# Love N Dish....863 Error = New 722 for Me :)



## Jason_AB (Aug 10, 2007)

Ok bought a WD passport 400 GB external HD, found out that I needed an external HD with a power supply, so returned it and got the 640 My Book.

Hooked it up and got the old 863 Feature Not Supported Info Screen. As I tried all kinds of crap with tech support....uuuggghhhh, I jumped on and started some research and found that all i needed to do was hook up to my pc and format the external HD, did it and it took off like a pro.

I then proceeded to inform the tech support folks how to fix the issue next time so they new, the tech support lady completely ignored my resolution and proceeded to tell me her Eng Support Group suggested sending me a new 722, I said aaahhhh, sure thing send it out!

I am shocked that something this simple is not communicated to the tech support group @ Dish. Man a damn email to all their tech support folks would get it taken care of....ohh well a new 722 for me. hhhhhmmmmm I have a 622 upstairs also...mmmmmmmuuuuuuhhhhhaaaaaaaa!


----------



## billhuston (Aug 1, 2009)

Jason_AB said:


> all i needed to do was hook up to my pc and format the external HD, did it and it took off like a pro.


I am having the same issue. Won't formatting the HD delete everything I transferred to it?


----------



## TulsaOK (Feb 24, 2004)

billhuston said:


> I am having the same issue. Won't formatting the HD delete everything I transferred to it?


:welcome_s and yes.
Call Dish and have them re-authorize your drive. There' s no reason to reformat the drive on a PC.


----------



## drmckenzie (Aug 28, 2007)

I'm having the same "This feature is currently not supported 863" error.

I've spoken to two Dish tech support reps (over the last month) about the problem, and they tell me that "the issue is being worked on".

Is anyone aware that this is actually something that Dish sees as a software issue, or am I perhaps being blown off?

As a previous poster noted, maybe I need reauthorization of the drive on my local 722. If so, I'm wondering how I get Dish to do this?


----------



## TulsaOK (Feb 24, 2004)

drmckenzie said:


> As a previous poster noted, maybe I need reauthorization of the drive on my local 722. If so, I'm wondering how I get Dish to do this?

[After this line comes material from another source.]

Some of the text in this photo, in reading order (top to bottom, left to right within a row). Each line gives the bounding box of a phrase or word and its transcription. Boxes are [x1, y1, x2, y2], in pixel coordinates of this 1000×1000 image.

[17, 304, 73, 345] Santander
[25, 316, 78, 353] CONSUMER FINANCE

You might try calling them and asking them to do it.


----------



## drmckenzie (Aug 28, 2007)

I already called them twice. Both CSRs didn't know about "reauthorization" and say my DVR is already listed as authorized.


----------



## Jason_AB (Aug 10, 2007)

as soon as i hooked mine up to my pc and formatted the drive it worked flawlessly with the 622.....i should be getting my new 722 next week. i will update you if i can hook my external HD to it so i can then transfer the movies from the the old 622 to the new 722 via my external drive.

I asm worried the 722 will want to format my external drive when i hook it up.


----------



## TulsaOK (Feb 24, 2004)

Jason_AB said:


> as soon as i hooked mine up to my pc and formatted the drive it worked flawlessly with the 622.....i should be getting my new 722 next week. i will update you if i can hook my external HD to it so i can then transfer the movies from the the old 622 to the new 722 via my external drive.
> 
> I asm worried the 722 will want to format my external drive when i hook it up.


Just make sure the Household Key gets updated in the 722 before you hook up the drive.


----------



## TulsaOK (Feb 24, 2004)

drmckenzie said:


> I already called them twice. Both CSRs didn't know about "reauthorization" and say my DVR is already listed as authorized.


Ask for Tech Support. They certainly know how to do it.


----------



## billhuston (Aug 1, 2009)

That is classic. 

Yesterday, I called Dish to get help with the HDD issue. The CSR was very difficult to understand, clueless, and of no help. Today, I get a call for an automated survey. Not surprisingly my scores were low and it did not meet Dish's standards for customer satisfaction. So, I am transferred to a Customer Experience agent. The problem is that upon transfer there is a message that it is a non-working number!


----------



## drmckenzie (Aug 28, 2007)

I managed to get a tech who knew how to reauthorize my 722's external drive, however that didn't fix the problem. I'm still getting the 863 message saying "This feature is currently not supported".

The tech says that the issue is being worked on, so I have to assume that this problem is somehow related to the last software rollout.


----------



## Tulsa1 (Oct 15, 2003)

Just to share an interesting experience I recently had that MIGHT add to
the discussion here. 
I have two VIP receivers, 722 & 622. I have external HDs on each and move
them back and forth from time to time.
The 722 has FW#618 and the 622 has the new FW#621.
I connected a brand new WD Essential 750GB external HD to the 622 with the
anticipation of the "will be formated" msg. 
Nope, I got the "this feature not supported" while all my existing EHDs work
fine on my 622. So I move it to my 722 and it formats as expected.
I move it back to my 622 and it works great. 
Something not quite right with the latest FW.


----------